[Opening DATA FOR REVIEW section]

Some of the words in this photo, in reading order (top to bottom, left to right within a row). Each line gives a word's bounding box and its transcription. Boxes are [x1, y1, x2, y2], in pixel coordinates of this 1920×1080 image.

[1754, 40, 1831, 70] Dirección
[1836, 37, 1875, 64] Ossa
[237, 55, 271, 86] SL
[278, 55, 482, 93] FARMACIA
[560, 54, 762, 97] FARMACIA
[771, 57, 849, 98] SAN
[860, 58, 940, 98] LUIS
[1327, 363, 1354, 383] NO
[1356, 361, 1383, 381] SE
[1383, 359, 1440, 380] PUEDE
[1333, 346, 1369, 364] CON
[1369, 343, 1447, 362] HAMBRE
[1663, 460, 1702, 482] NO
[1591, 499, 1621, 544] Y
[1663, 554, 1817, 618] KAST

[Closing DATA FOR REVIEW section]

Return all of the data precisely as it appears.

Some of the words in this photo, in reading order (top to bottom, left to right within a row). Each line gives a word's bounding box and its transcription. Boxes are [x1, y1, x2, y2], in pixel coordinates of this 1920×1080 image.

[1754, 40, 1831, 70] Dirección
[1836, 37, 1875, 64] Ossa
[237, 55, 271, 86] SL
[278, 55, 482, 93] FARMACIA
[560, 54, 762, 97] FARMACIA
[771, 57, 849, 98] SAN
[860, 58, 940, 98] LUIS
[1327, 363, 1354, 383] NO
[1356, 361, 1383, 381] SE
[1383, 359, 1440, 380] PUEDE
[1333, 346, 1369, 364] CON
[1369, 343, 1447, 362] HAMBRE
[1663, 460, 1702, 482] NO
[1591, 499, 1621, 544] Y
[1663, 554, 1817, 618] KAST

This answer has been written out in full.